There are lessons to be learned from quality-planning applications in all areas of the laboratory. Routine chemistry applications may be simpler than others, but are still a source of important insights and advice. You're more likely to solve complicated quality-planning problems if you have a good grasp of the solutions to simpler applications.
- Manage quality in a quantitative manner to improve productivity and reduce costs. Cost-savings can be demonstrated when QC procedures are designed or selected on the basis of the quality required for the test and the imprecision and inaccuracy observed for the method. These savings will be particularly significant if your current laboratory QC practice is to utilize 2 SD control limits, which cause a high level of false rejections - about 10% when N is 2, 14% when N is 3, and 18% when N is 4. If multirule QC procedures are being used with 4th and 5th generation automation analyzers, it may be possible to simplify QC, reduce N, improve productivity, and reduce costs, as demonstrated for the example applications here [which have been documented in the scientific literature, references 1 and 4].
- Begin with proficiency testing criteria as the quality requirements. For most routine chemistry tests, proficiency testing criteria will have been defined in the form of allowable total errors. Although these requirements represent the minimum level of quality that must be achieved by the laboratory, their availability will allow you to get started right away. Begin your quality-planning applications using these criteria, then repeat the QC planning process when you obtain better information about the quality requirements for your patient applications.
- Use the best estimates of method performance available at the time. Laboratories always have current QC data that can be used to estimate the SD of a method, but may not have current comparison of methods data to estimate the bias a method. There is nothing wrong with making an initial assumption that bias is zero in order to get started with your quality-planning applications. Use the best estimates of method performance that are available at the moment. You can always repeat the planning process when you have better information. Information about bias may be obtained from monthly peer-comparison programs or from periodic proficiency testing surveys.

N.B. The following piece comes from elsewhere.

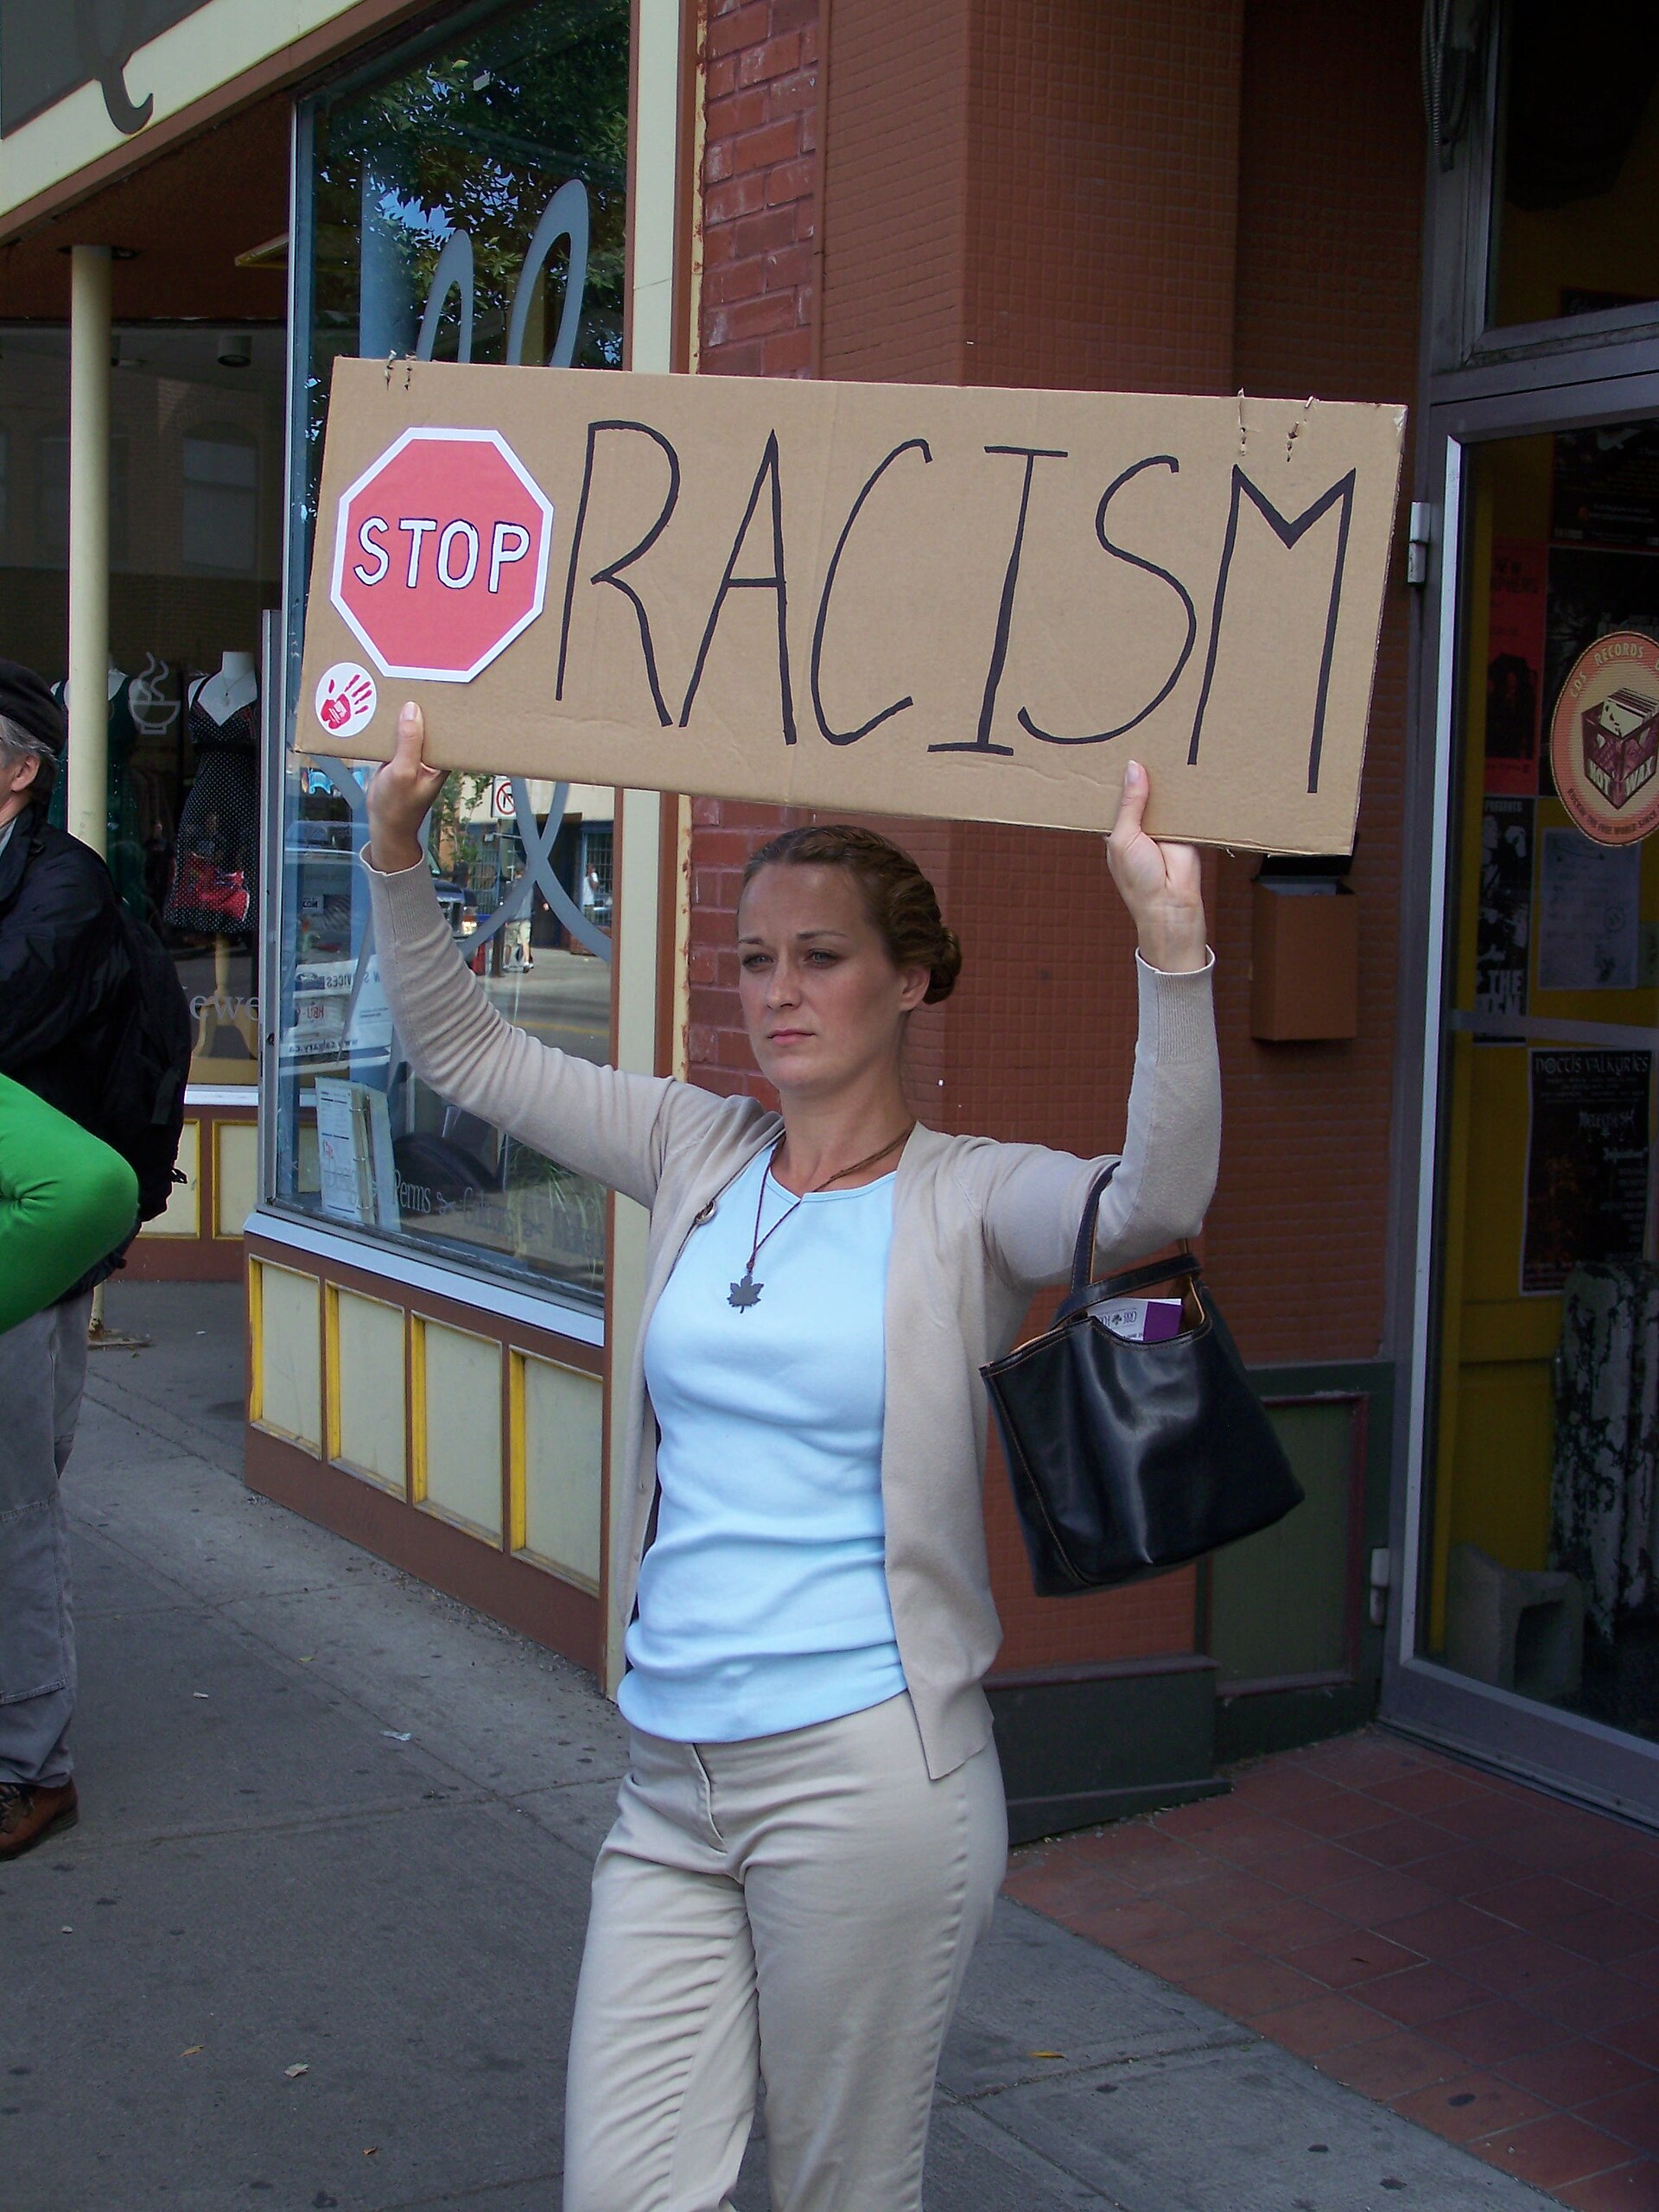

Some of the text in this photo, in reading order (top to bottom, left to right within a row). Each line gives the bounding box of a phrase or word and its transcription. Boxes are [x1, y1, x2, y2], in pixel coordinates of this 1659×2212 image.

- Individualize the QC procedure for each test on a multitest system. Different tests have different quality requirements and different analytical performance, therefore, there will be different QC procedures that are appropriate for different tests on a multitest system.
- Keep N constant and changes the rules to adjust QC performance. It will often be necessary to keep the number of control measurements the same for each test on a multitest analyzer and then vary the control rules to optimize QC performance for different tests. Usually only 3 to 5 different QC designs will be needed to handle all the tests, as illustrated by the chemistry multitest application where 14 of the 18 tests could be controlled using 3.5s limits, 1 with 2.5s limits, 2 others with multirule procedures, and 1 required a special QC procedure.
- Adjust the TQC strategy to deal with tests with poor performance. It is not unusual to encounter a few tests for which error detection is less than ideal, therefore efforts are needed to improve analytical performance and/or to prevent problems from occurring. Sources of errors and causes of instability need to be identified and preventive maintenance schedules adjusted to prevent problems from occurring with these tests.
- Implement individualized QC designs via computer. With automated systems, it is generally necessary to computerize QC to keep up with the production of test results. Flexible QC software is needed, particularly the ability to select different control rules for different tests that are performed on the same analytical system. Test-specific QC is an important feature in computer software to help you manage and operate your automated systems in the most cost-effective way.